Professor Tyler co-developed a drug design technology called ‘Transition State Analogue’ with long time biochemistry collaborator, Professor Vern Schramm in New York. The technology has been used to discover drugs that work by halting the function of disease-associated enzymes. They offer the potential to treat conditions as diverse as cancer, gout, psoriasis, malaria and bacterial infections.
‘Transition State Analogue’ compounds are chemical compounds with a structure resembling the transition state of a substrate molecule when bound to the enzyme during the process known as catalysis. The analogue compounds can prevent the normal substrate compounds from binding to the enzyme and thus halt the production of compounds associated with disease.
One of the drugs discovered, Mundesine®, was approved for use in March 2017 in Japan, following successful clinical trials, against peripheral T-cell lymphomas, a hard-to-treat aggressive form of the disease that accounts for 10-15% of cases of non-Hodgkins lymphomas. It has been approved for the treatment of refractory and relapsed Peripheral T-cell Lymphoma, where patients currently have a median survival of only 6.5 months.
The medal selection committee believes Professor Tyler is only the second scientist working in New Zealand to have discovered a drug that has been subsequently approved, the first being approved more than 30 years ago. They note his revolutionary drug design technology will likely lead to several more medical breakthroughs and the saving of many hundreds of lives.
The design process for Mundesine® required several years and its synthesis took hundreds of reactions to develop. Professor Tyler invented and personally oversaw the implementation of an improved process to manufacture Mundesine at a kilogram scale for use in human clinical trials.
Over the intervening 20 years since the first discovery of Mundesine®, Professor Tyler has led a research team of up to 10 scientists, whose efforts have led to experimental drugs for the treatment of diseases as diverse as psoriasis (sub-licensed to Roche in 2015 for USD 30M upfront plus royalties), severe gout (completed a successful Phase II trial), Alzheimer’s disease and solid tumours.
One of Professor Tyler’s compounds - Galidesivir – has been developed as an antiviral drug and has successfully completed Phase I human clinical trials in 2016 for the treatment of the Ebola and Zika viruses.
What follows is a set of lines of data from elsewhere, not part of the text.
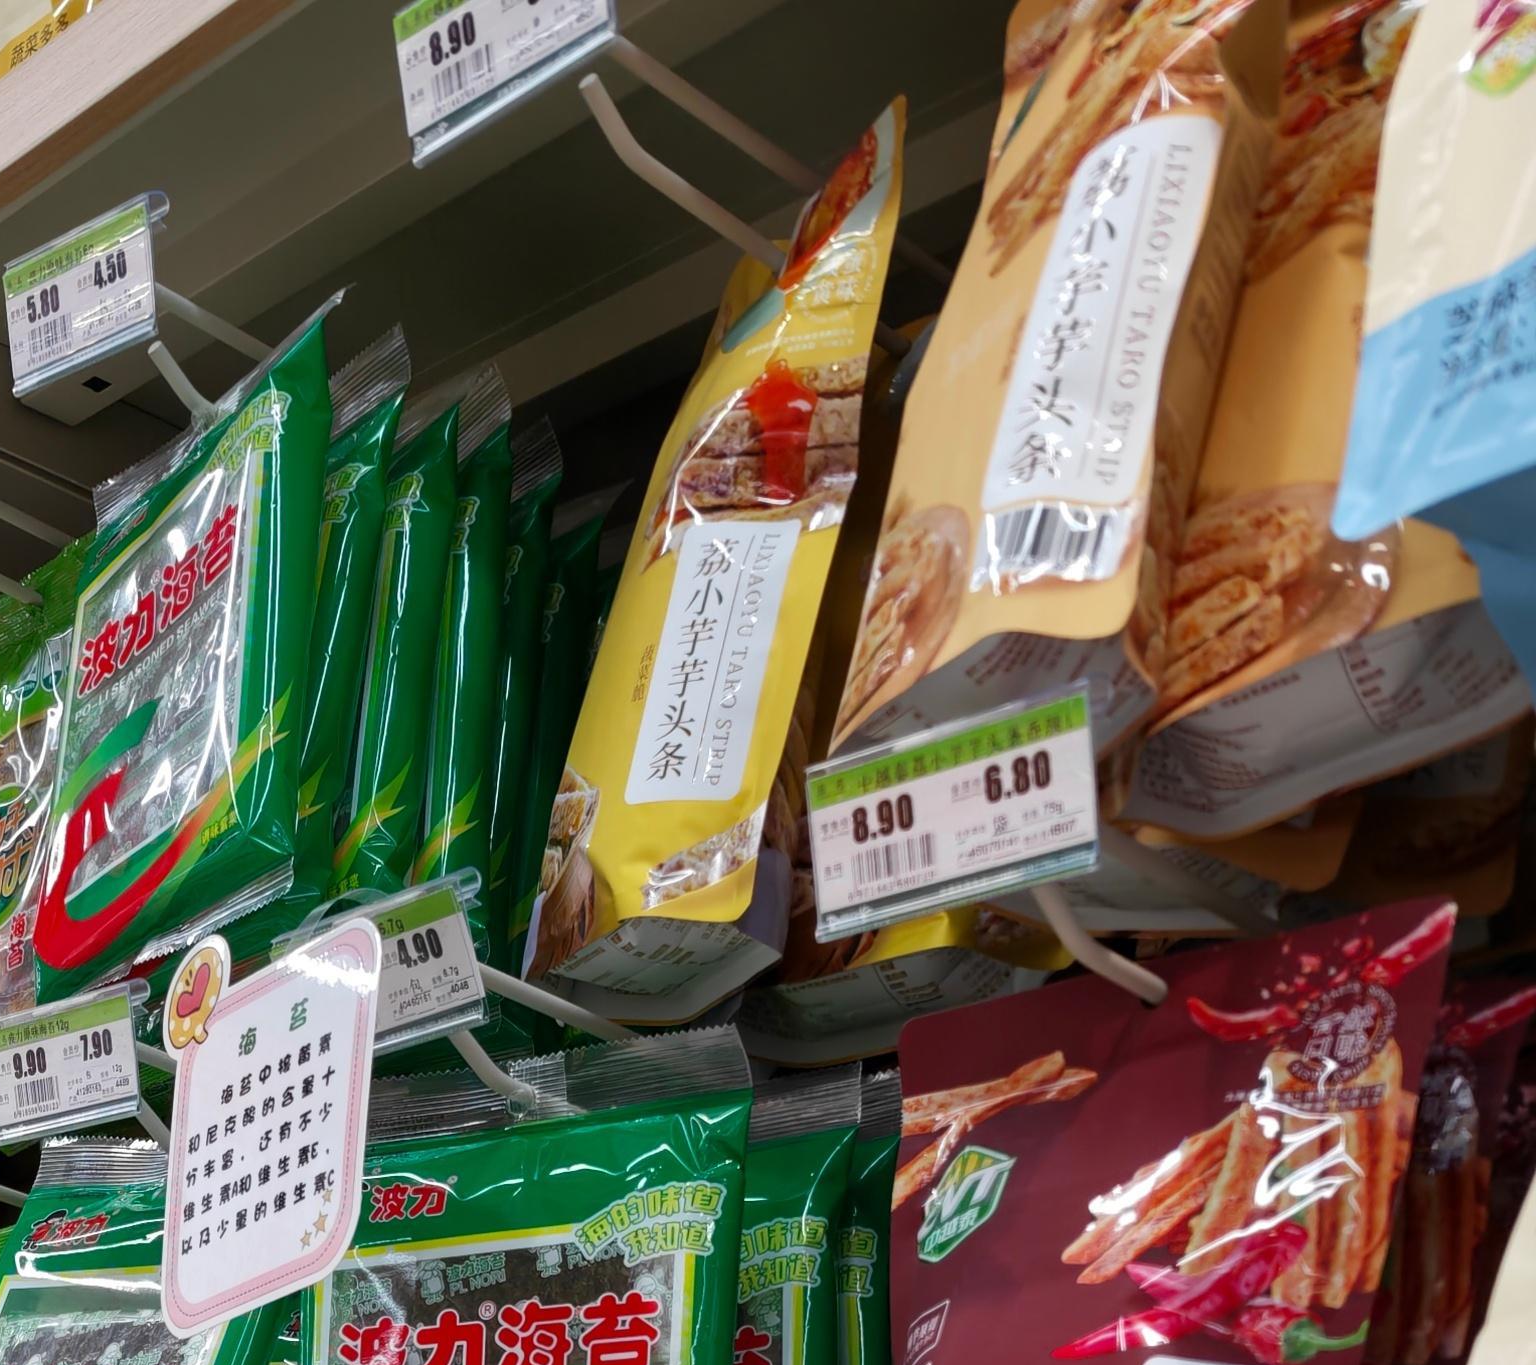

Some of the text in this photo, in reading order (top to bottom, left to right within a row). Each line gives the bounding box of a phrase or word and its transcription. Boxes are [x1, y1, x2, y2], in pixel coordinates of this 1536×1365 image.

[8, 14, 70, 70] 蔬菜多多
[429, 11, 476, 66] 8.90
[26, 250, 128, 324] 5.80 4.50
[1119, 308, 1157, 390] TARO
[76, 503, 242, 698] 波力海苔
[648, 536, 737, 784] 荔小芋芋头条
[706, 531, 782, 788] LIXIAOYU TARO STRIP
[852, 750, 1052, 844] 8.90 6.80
[5, 912, 28, 972] 海苔
[397, 927, 444, 968] 4.90
[80, 1029, 113, 1062] 7.90
[238, 997, 310, 1057] 海苔
[13, 1047, 47, 1080] 9.90
[187, 1065, 336, 1155] 和尼克酸的含量十
[51, 1210, 110, 1248] 波力
[181, 1168, 335, 1255] 以及少量的维生素C
[370, 1182, 448, 1223] 波力
[573, 1181, 727, 1258] 海的味道
[625, 1221, 714, 1264] 我知道
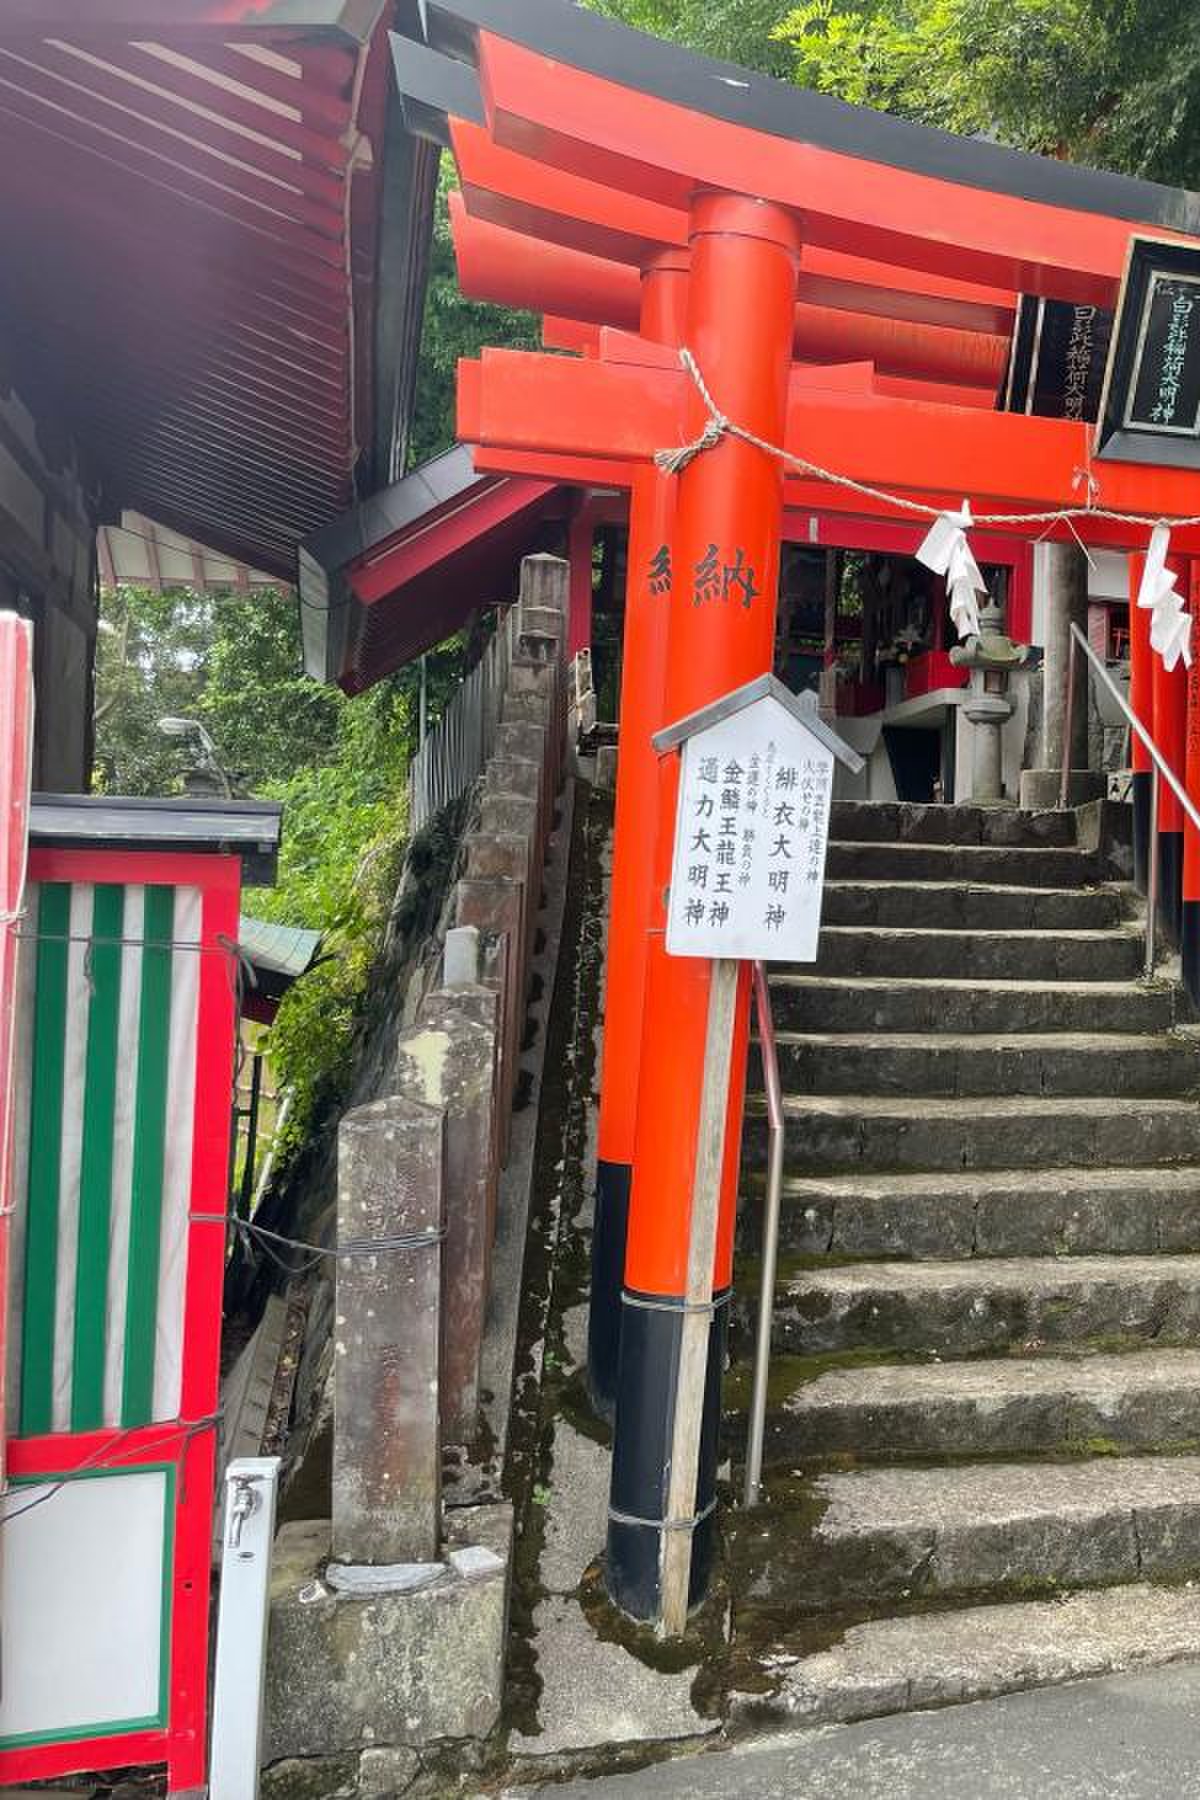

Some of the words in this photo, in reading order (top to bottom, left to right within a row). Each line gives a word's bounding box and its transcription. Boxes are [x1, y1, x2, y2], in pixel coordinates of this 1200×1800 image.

Professor Tyler is an inventor on over 30 patent families, which incorporates hundreds of patents in jurisdictions all over the world including many granted US patents.
On receiving the MacDiarmid Medal, Professor Tyler said: “I am delighted to receive the award and that an outcome of my research is now a drug on the market making a difference to the lives of cancer patients.”
Professor Tyler is co-founder of the Ferrier Research Institute, formerly part of Industrial Research Ltd and now based at Victoria University of Wellington. He was elected a Fellow of the New Zealand Institute of Chemistry in 2010 and a Fellow of Royal Society Te Apārangi in 2008. In 2014 he received the Maurice Wilkins Centre NZIC Prize for Chemical Science.
For outstanding scientific research that demonstrates the potential for application for human benefit.
To Peter Charles Tyler who, through international collaboration, has developed a new drug design technology which has been successfully applied to the invention, commercialisation and regulatory approval of Mundesine, a cancer drug used for the treatment of Peripheral T-Cell Lymphoma.